I'm not entirely unagitated myself. His determination that I should not defend myself is making me rather short-tempered. I often forget how short my temperament can be.

"Angel, man, I think the guy's got a point. Some basic self-defense couldn't hurt." Gunn offers his thoughts on the proposal.

"No, he doesn't have a point. Unless the point is to figure out the quickest way to get himself killed." Angel's retort is even more biting.

"I'm not some useless weakling!" I protest.

"You've already been bitten at least twice!" He says, pointing to the scars on my neck.

"Perhaps if someone had explained to me what I was facing and why I might not have found myself in the midst of a pack of savage creatures who were rather determined to seek revenge for whatever I did as Spike!" My voice is rising in a clear challenge. "Ignorance has never been the appropriate answer to danger. So why don't you at least show me how to defend myself so that next time I don't have to depend on someone else to come to my rescue?"

He appears to waver at that. Perhaps I am getting through to him?

"I am already rather adept with the use of a sword.
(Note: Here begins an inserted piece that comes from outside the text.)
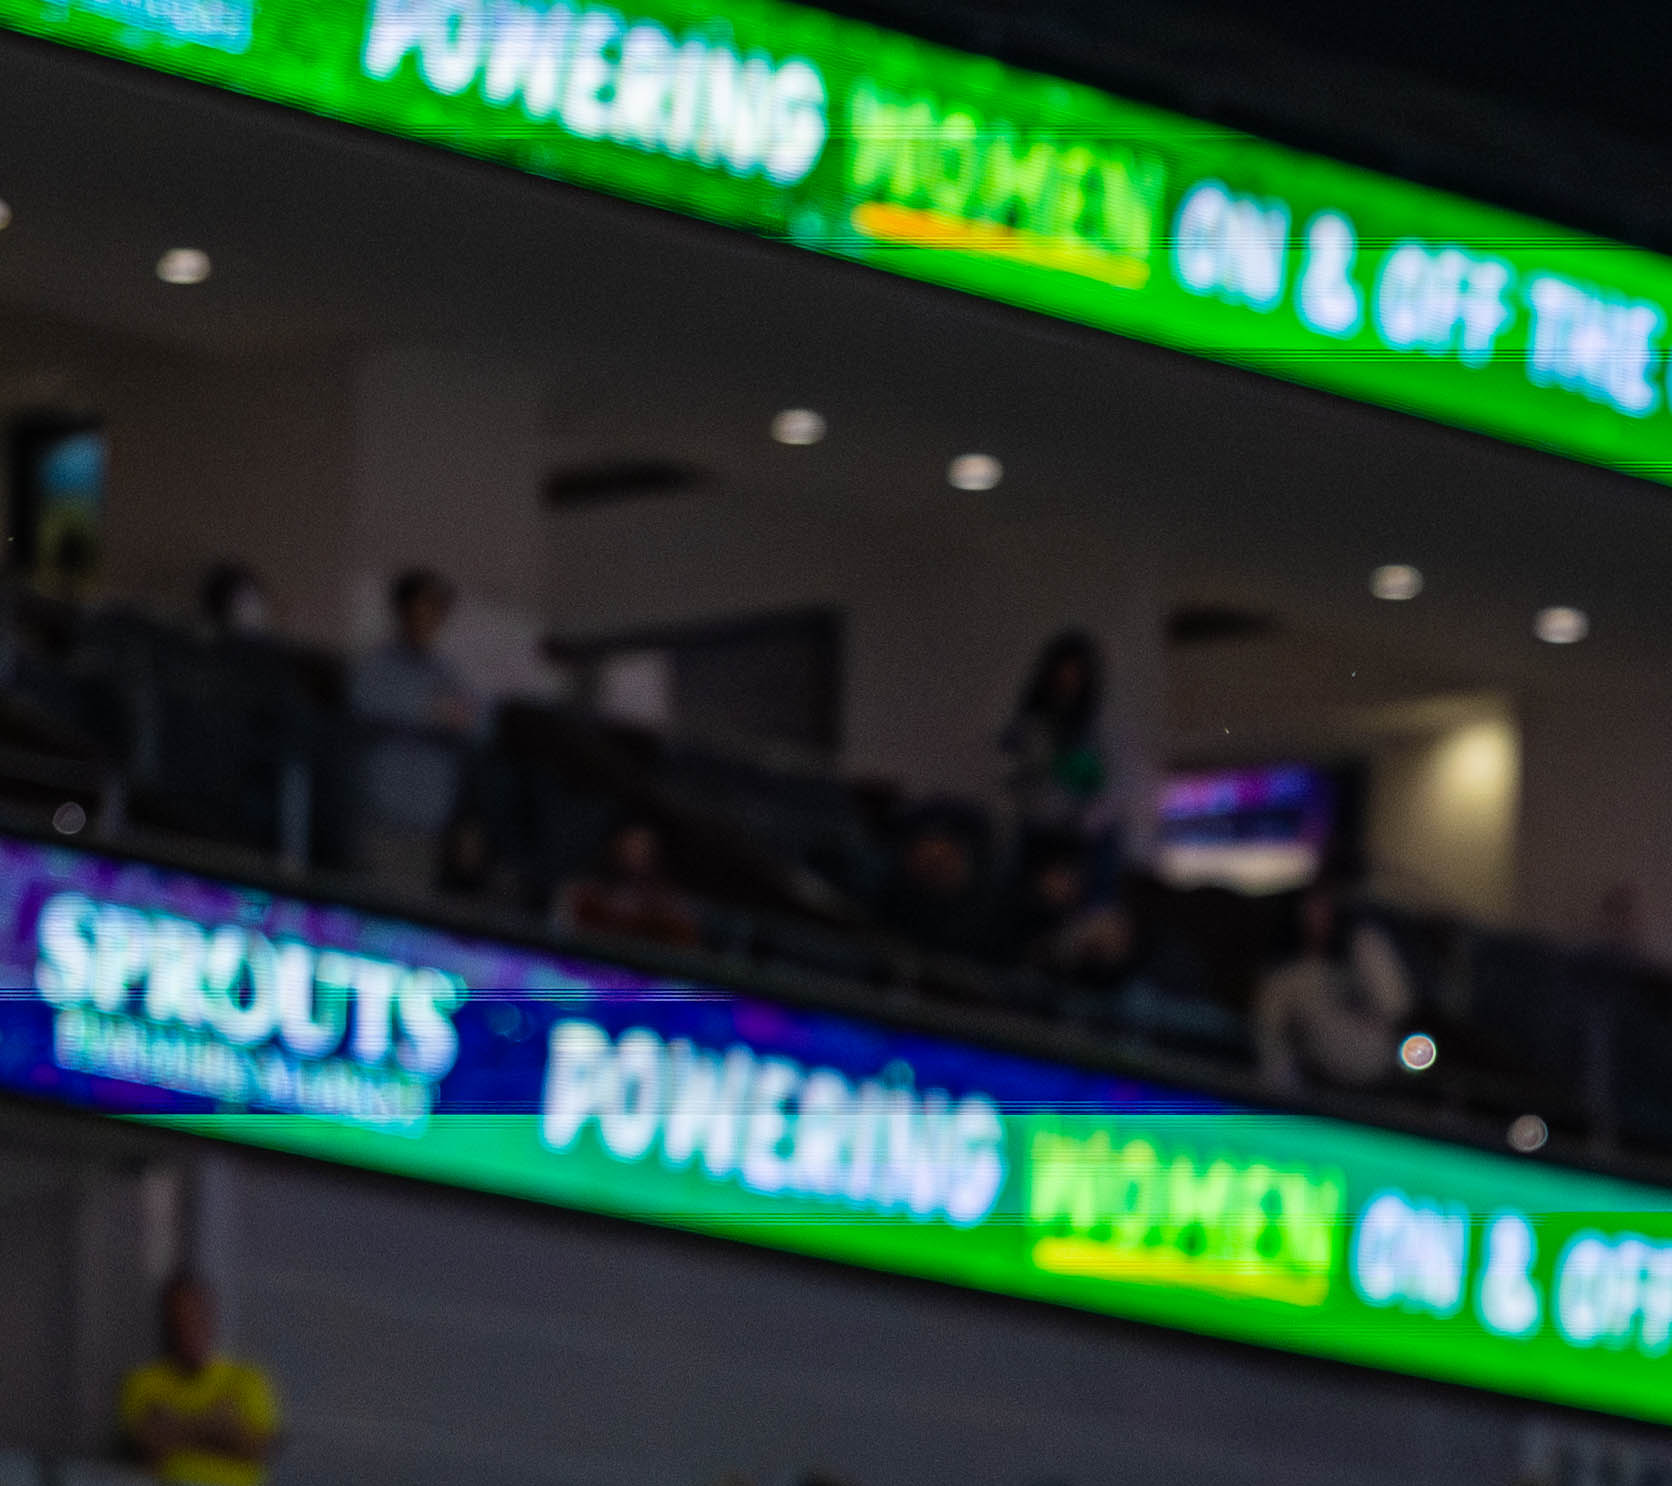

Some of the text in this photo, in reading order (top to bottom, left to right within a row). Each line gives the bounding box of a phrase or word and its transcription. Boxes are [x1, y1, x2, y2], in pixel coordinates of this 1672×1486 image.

But I am unfamiliar and unskilled with the use of a wooden stake, perhaps that is where we could start? Surely you won't deny me that?"

He expels a great sigh as his piercing gaze seems to stare right through me.

"Fine," He says as he throws up his hands and turns away from me to walk towards the small armory cabinet. "Fine. I should know by now that once you've got an idea in your head you aren't letting go of it no matter how stupid it is."

"See here!" I answer, feeling myself getting rather irate. "I'll not be insulted in such a manner!"

"Yeah?" He turns and looks at me, crossing his arms over his chest. "What're you planning to do about it?"

Well, now that is the question, isn't it? What can I do? He's a far larger fellow than I, and a creature of the night, with presumably all the strength and speed inherent to such a condition.

"I'll tell you what you're going to do," He says, walking closer and closer with each word. "Nothing," He says as he stops immediately in front of me. "Because you're a weak, useless, dimwitted, idiot."

With each word he says, I feel myself growing more and more enraged. How dare he! I've been thrown through time, forsaking everything I've known or loved, found out I've been a creature damned to hell for a century and played for a fool.

And suddenly, he's a half step away from me, clutching his jaw. As a vague discomfort in my hand begins to pierce my awareness, it registers that I've actually struck the fellow. I contemplate whether I should apologize, but at the moment I don't think I will.

"You feel it, William?" Angel asks, stepping back in front of me with a smirk. "The passion that fueled that punch you just threw?"

I think I am beginning to understand what he's talking about.

"That's your biggest asset. Always has been. Channel it. You've always had more passion than all of us put together. Don't be afraid to use it."

I look down at my left hand, noting that I've actually split one of the knuckles and it's bleeding. For some reason, that almost seems to amuse me.

"Or maybe," He says, once again invading my presence with his extreme nearness and forcing me to look upward. "You really are just a foppish, limp, coward, and that's why Buffy left without saying goodbye."

The next few moments all seem to blur together, and I'm not entirely certain how I've ended up straddling over Angel as he is laying on the floor, laughing as he swipes a trickle of blood from his lip.

Is this me? Have I done this? A strange and dawning awareness confirms that yes, I did do this. And this is very much me. And it actually feels rather satisfying. And more than a little painful now that I consider it. But still… satisfying.

And then the whole world comes to a stop as a soft ethereal voice cuts through the air like a sword slicing through the veil separating the mortal realm from the divine… or from hell itself.

"Tisk, tisk! You've been a bad daddy... teaching the naught kitty to hunt before it's cut his teeth! Mustn't teach kitty tricks he's not ready for! Or shall I make him ready?"